* Problem requirements *
Transcribe every line of the material below exactly, leaving out the pictures.

* Information provided *

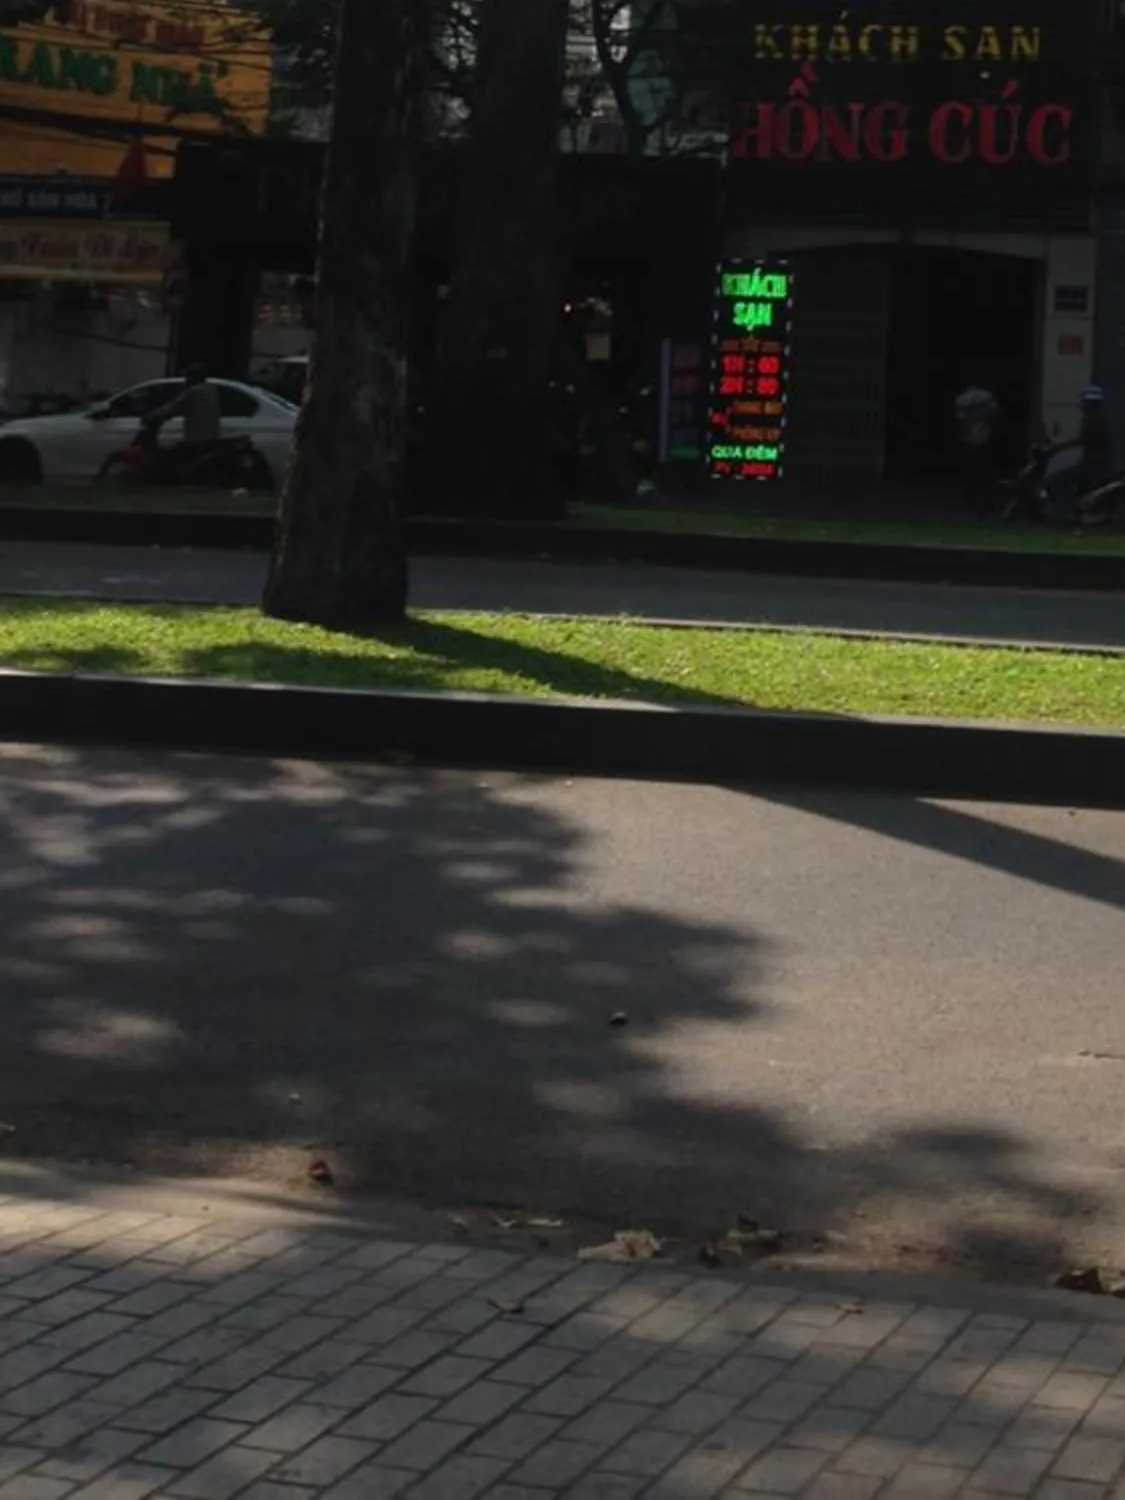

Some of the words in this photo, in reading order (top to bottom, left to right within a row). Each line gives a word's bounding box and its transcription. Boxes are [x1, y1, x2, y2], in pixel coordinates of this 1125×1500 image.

[754, 9, 920, 62] KHÁCH
[941, 25, 1041, 80] SẠN
[928, 78, 1074, 165] CÚC
[721, 267, 787, 298] KHÁCH
[732, 302, 773, 332] SẠN
[711, 444, 743, 460] QUA

* Task solution *
Some of the words in this photo, in reading order (top to bottom, left to right within a row). Each line gives a word's bounding box and its transcription. Boxes are [x1, y1, x2, y2], in pixel coordinates of this 1125×1500 image.

[754, 9, 920, 62] KHÁCH
[941, 25, 1041, 80] SẠN
[928, 78, 1074, 165] CÚC
[721, 267, 787, 298] KHÁCH
[732, 302, 773, 332] SẠN
[711, 444, 743, 460] QUA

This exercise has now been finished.